A smile with the fine print.

You learned my hunger quick—
then rationed it slow.

Not love. Not lust.
Just leverage in the undertow.

I’d come home stressed and you’d circle the room.
Soft voice. Sharp eyes. Reading the room.
Checking the locks on the cage.
Making sure I still needed you to turn the page.

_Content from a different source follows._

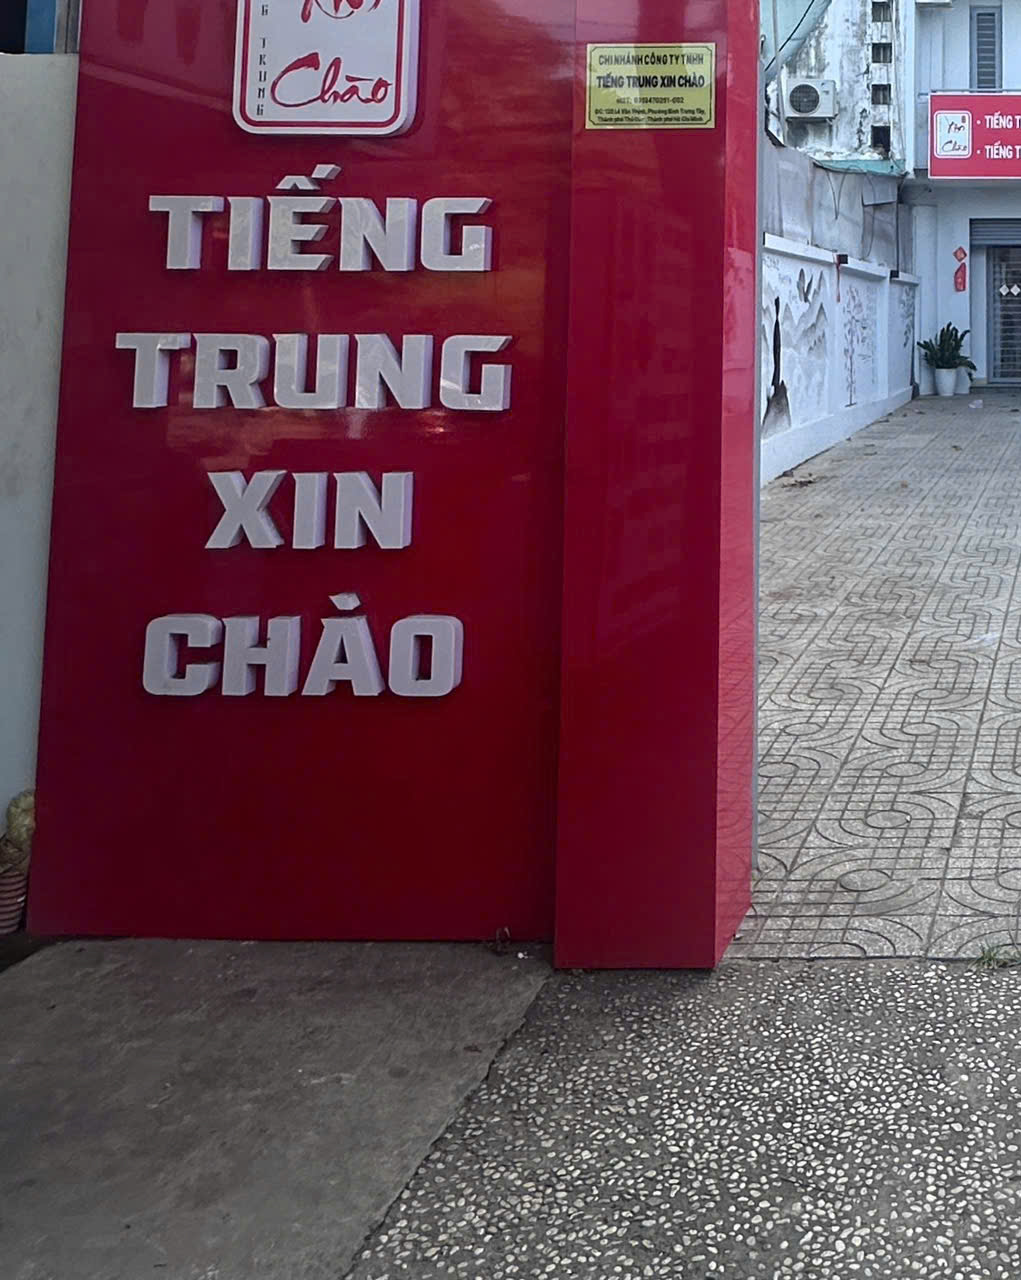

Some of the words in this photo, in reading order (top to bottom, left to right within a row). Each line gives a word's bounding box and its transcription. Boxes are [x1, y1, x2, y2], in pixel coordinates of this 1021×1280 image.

You used heat like a gavel.
You used touch like a badge.
You didn’t take my body.
You took the wheel.

And I let it happen,
thinking this is how “grown love” feels.

Turns out it was control
wearing a new shirt and clean nails.

Some nights you were sweet on purpose—
not tender, just tactical.
Giving me just enough
to keep me grateful and practical.

Then you’d pull it back mid-breath.
Mid-yes. Mid-reach.

And I’d laugh it off,
like I wasn’t being taught a speech.

You could turn me on,
then punish the need.
Make me feel dirty
for the hunger I feed.

You’d say I was lucky.
Say I was a joke.
Say you liked my fire,
then blame me for the smoke.

I started reading the room first
in my own house. My own head.
Listening for your mood
like a dog hears thunder in the bed.

Stopped asking straight.
Started bargaining instead.

Hated that version of me—
careful voice, swallowed pride, easily led.

Then I saw it clean.

Not romance. Not class.
Just a test I could never pass.
A game where the rules move
every time I press.

And you liked me best
when I was guessing.

I’m done begging for crumbs
then calling it intimacy.

Keep your tricks. Keep your wins.
I want my life back.

I’m not cold.
I’m not broken.

I’m just finished
letting desire
get used as a loaded thing.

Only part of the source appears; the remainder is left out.